SUPPLIED RECORDS Start Marker

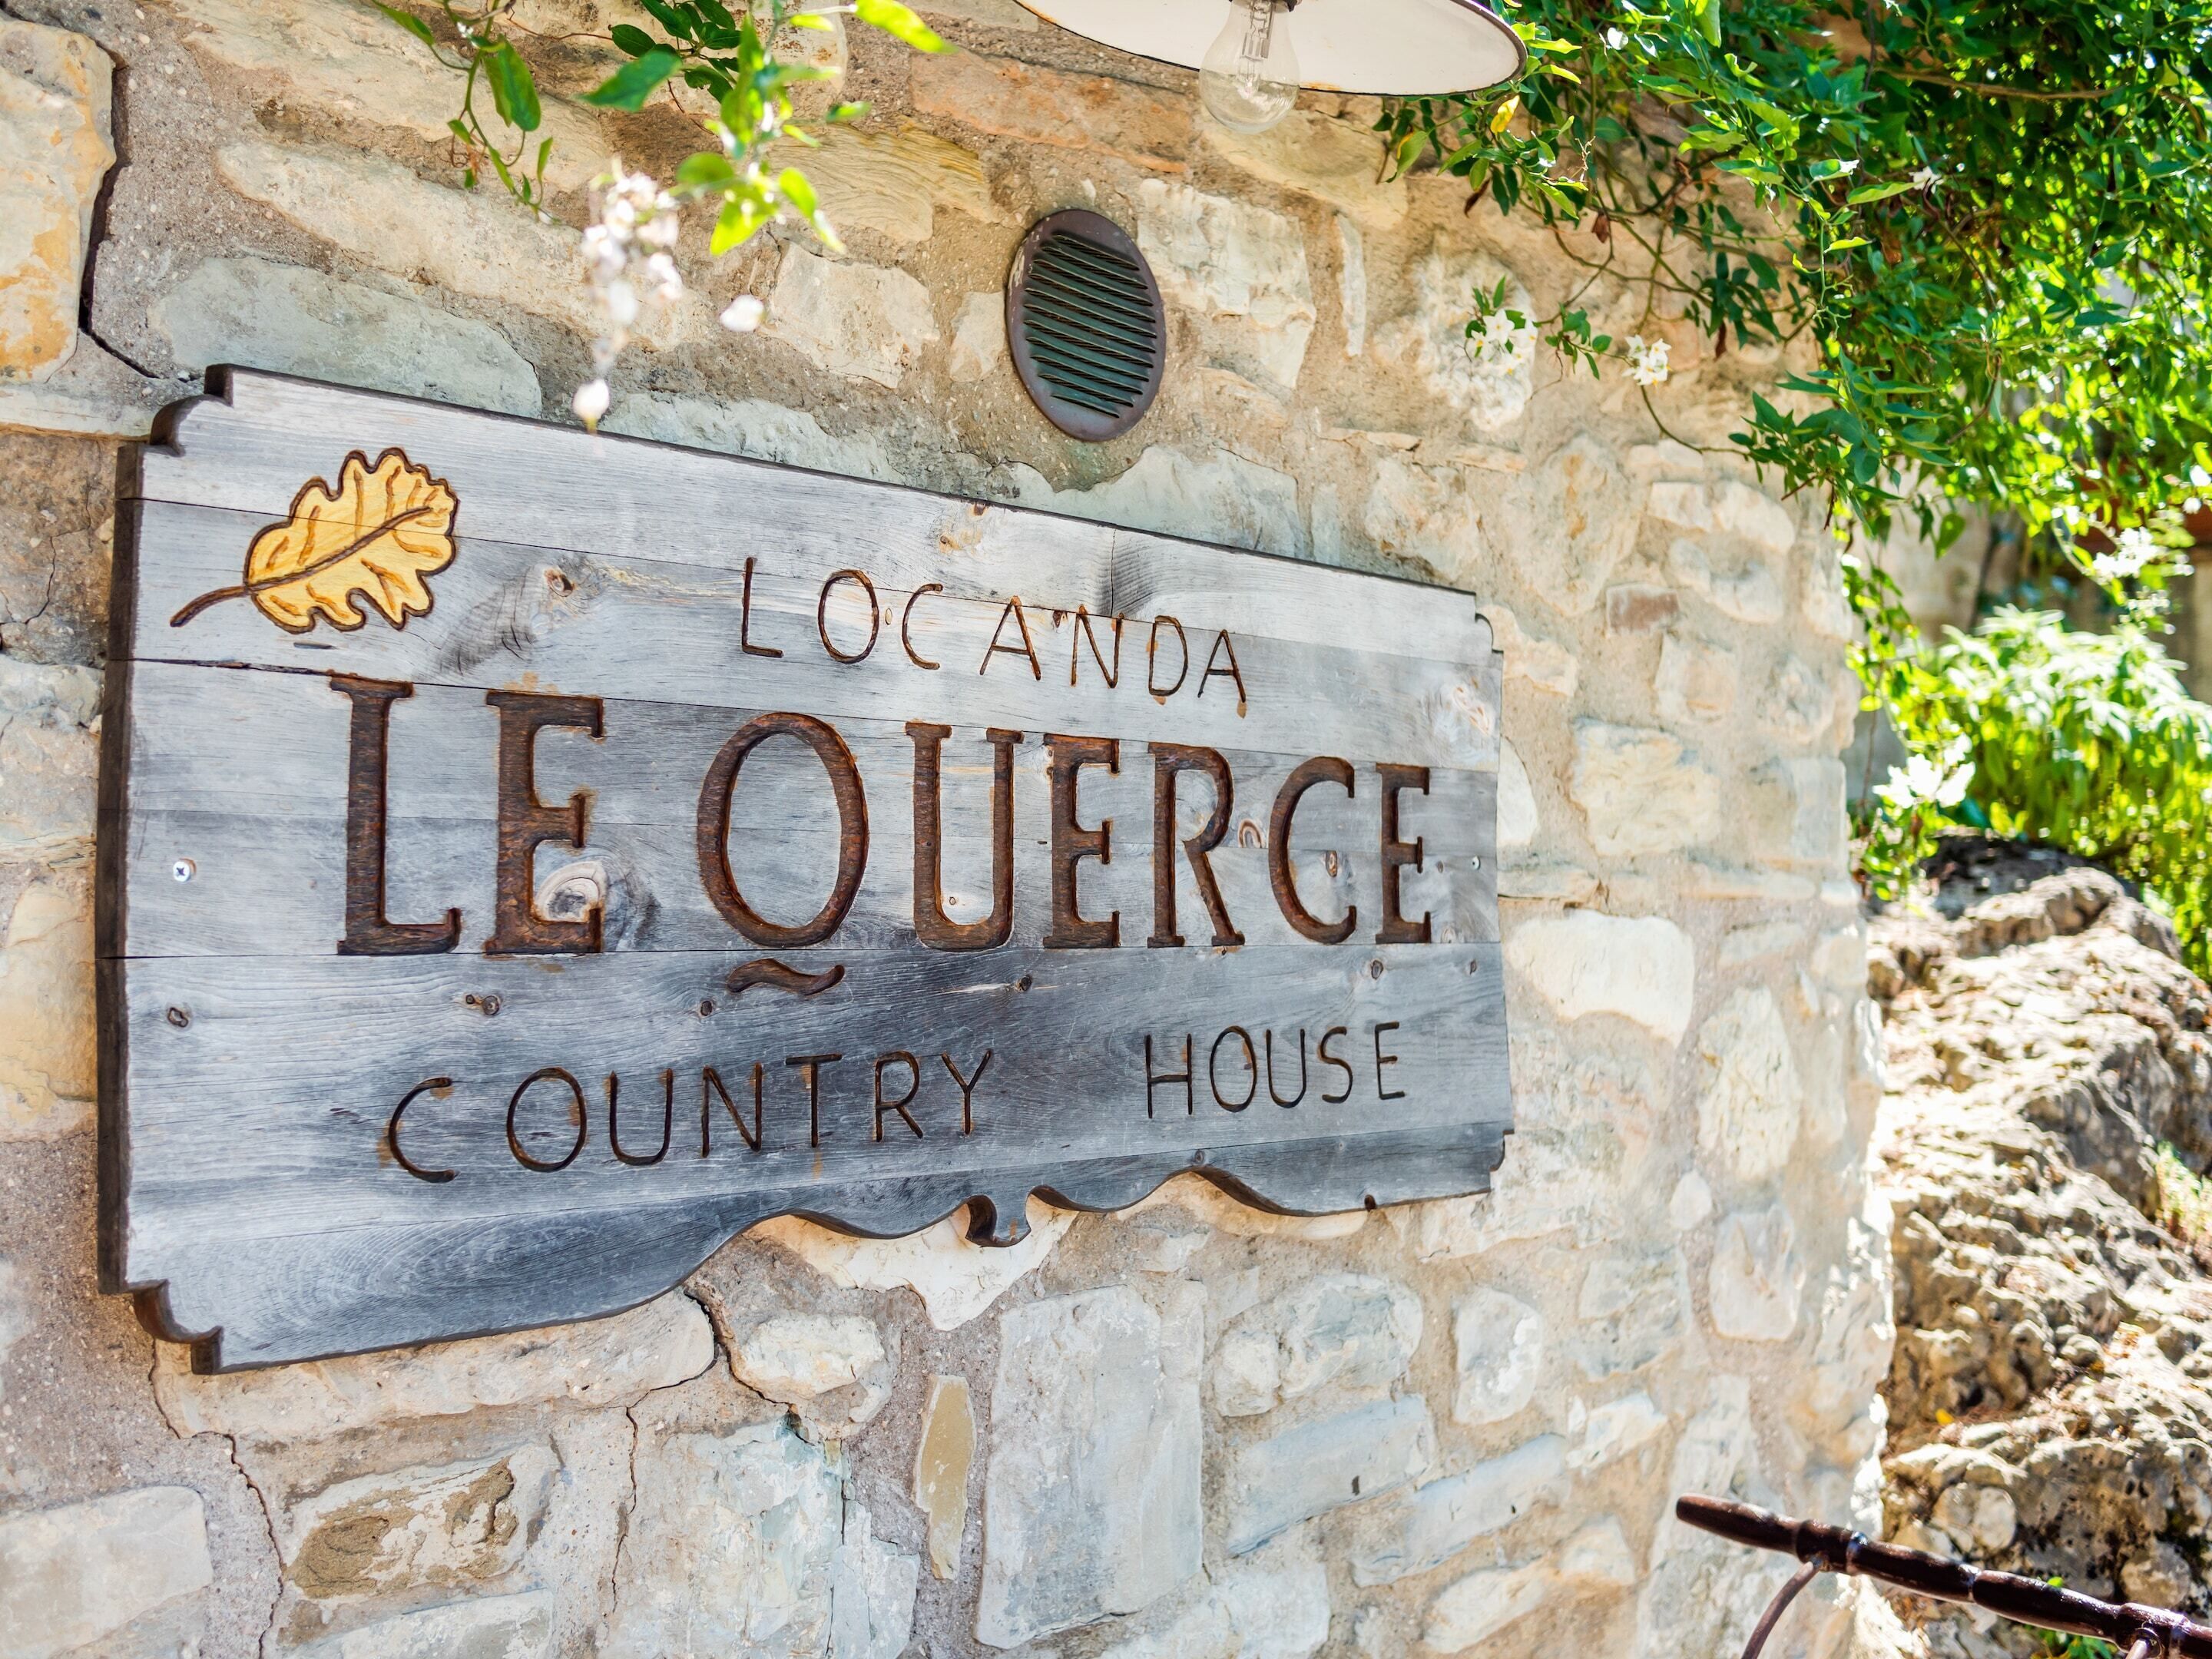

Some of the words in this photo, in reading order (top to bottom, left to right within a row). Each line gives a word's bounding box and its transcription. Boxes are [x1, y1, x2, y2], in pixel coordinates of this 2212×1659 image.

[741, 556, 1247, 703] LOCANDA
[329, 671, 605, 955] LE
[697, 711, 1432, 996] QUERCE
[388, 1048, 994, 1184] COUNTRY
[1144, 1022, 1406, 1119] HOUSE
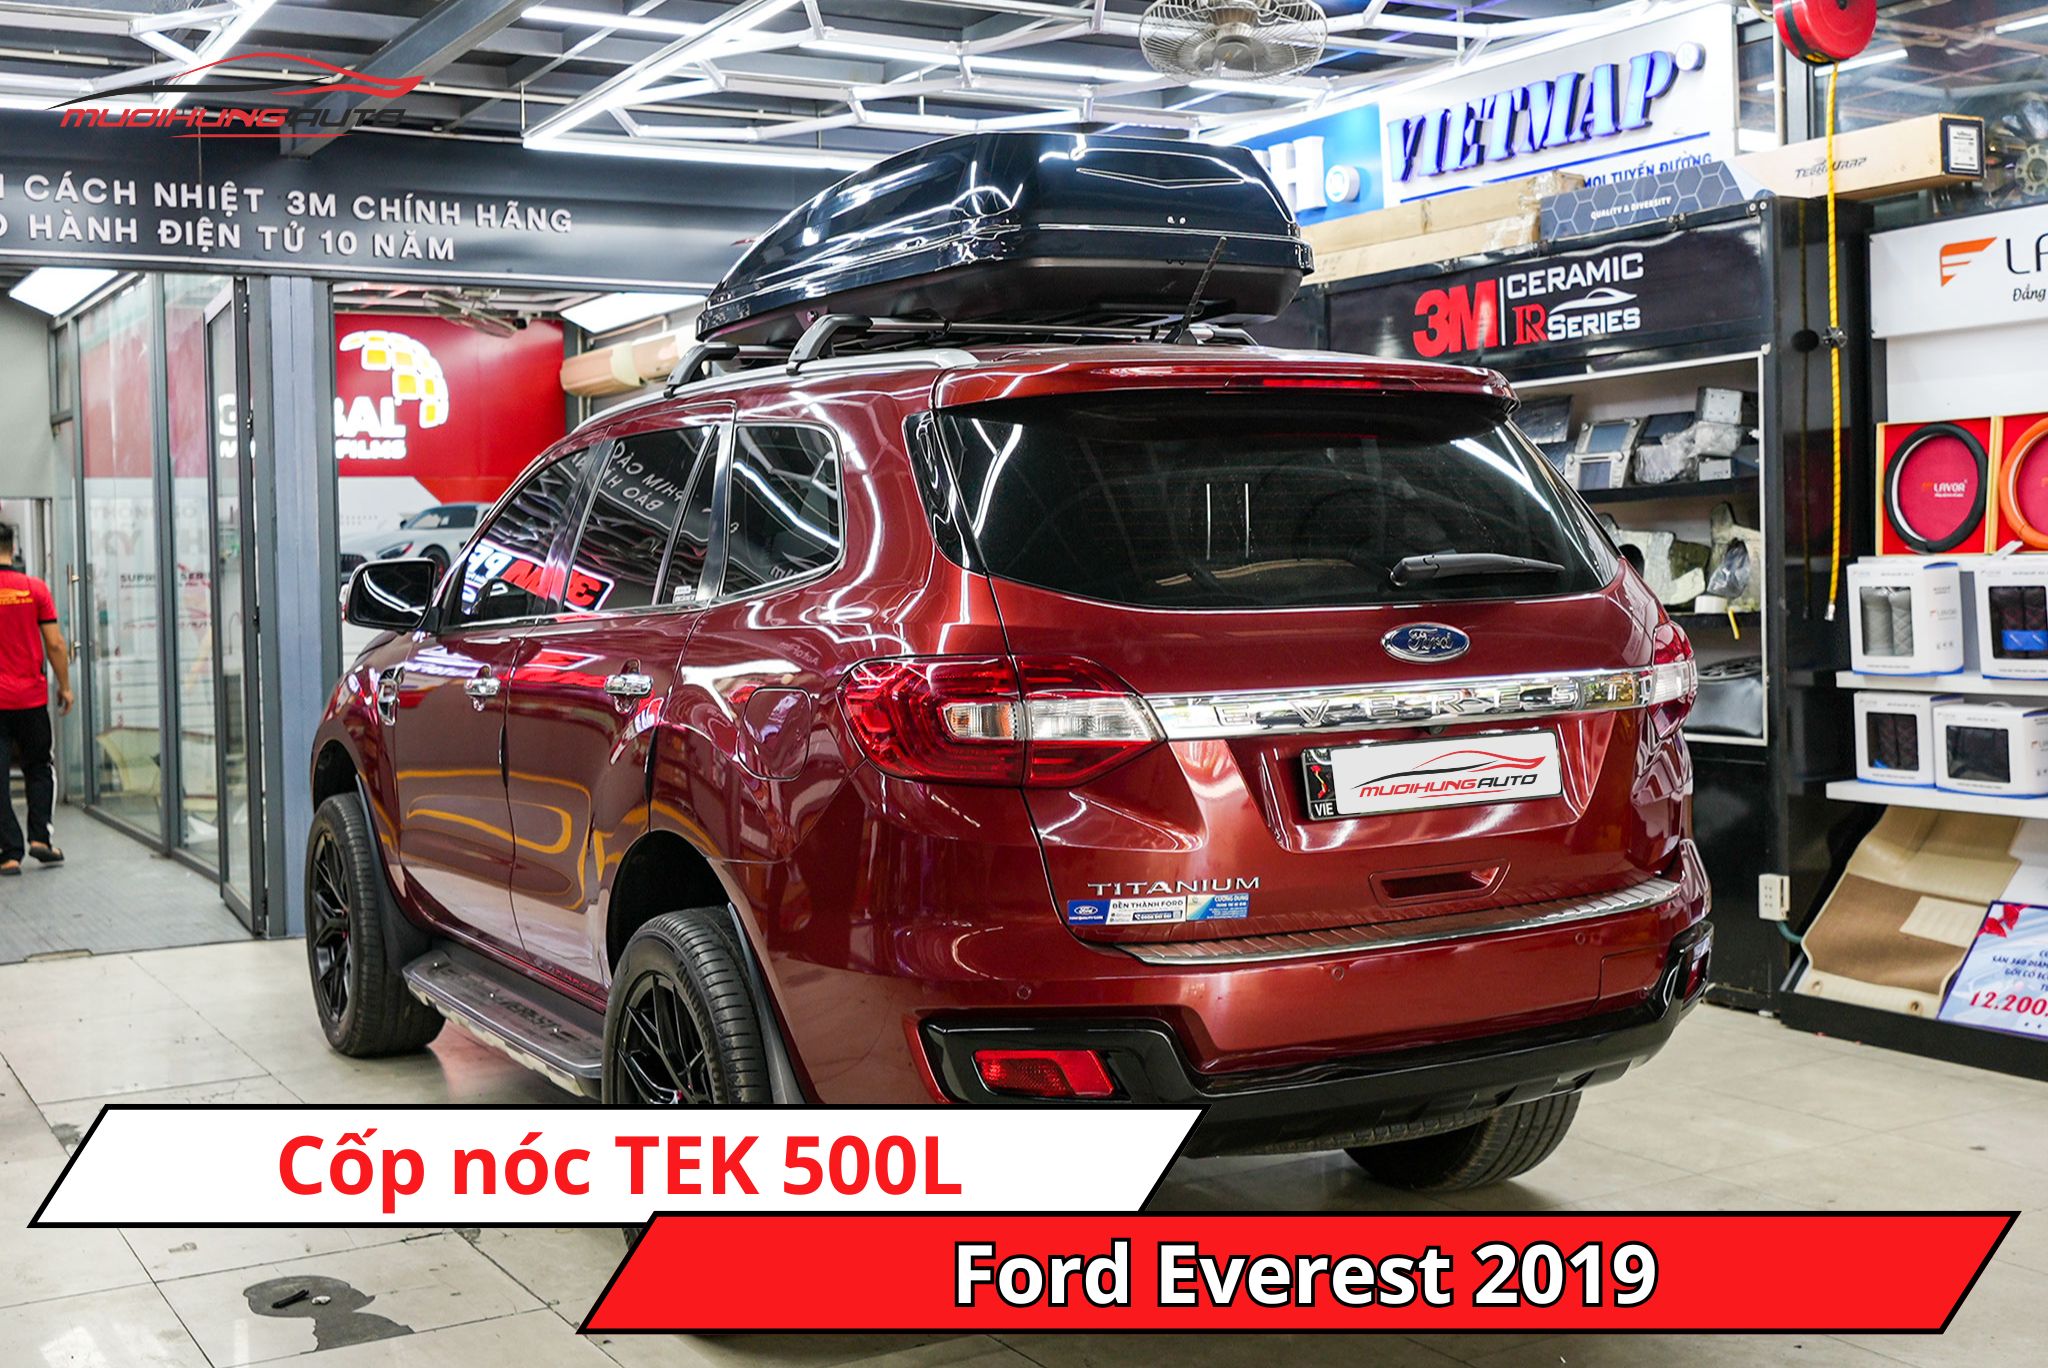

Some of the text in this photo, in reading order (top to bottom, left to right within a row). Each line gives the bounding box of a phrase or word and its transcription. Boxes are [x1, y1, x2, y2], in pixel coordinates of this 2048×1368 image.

SUPPLIED RECORDS End Marker

### DESCRIPTION OF THE TASK
Without copying the pictures, transcribe the entries exactly.

### EXPECTED ANSWER
Some of the words in this photo, in reading order (top to bottom, left to right within a row). Each line gives a word's bounding box and its transcription. Boxes are [x1, y1, x2, y2], in pixel coordinates of this 2212×1659 image.

[741, 556, 1247, 703] LOCANDA
[329, 671, 605, 955] LE
[697, 711, 1432, 996] QUERCE
[388, 1048, 994, 1184] COUNTRY
[1144, 1022, 1406, 1119] HOUSE

Some of the text in this photo, in reading order (top to bottom, left to right within a row). Each line gives the bounding box of a phrase or word and its transcription. Boxes are [x1, y1, x2, y2], in pixel coordinates of this 2048×1368 image.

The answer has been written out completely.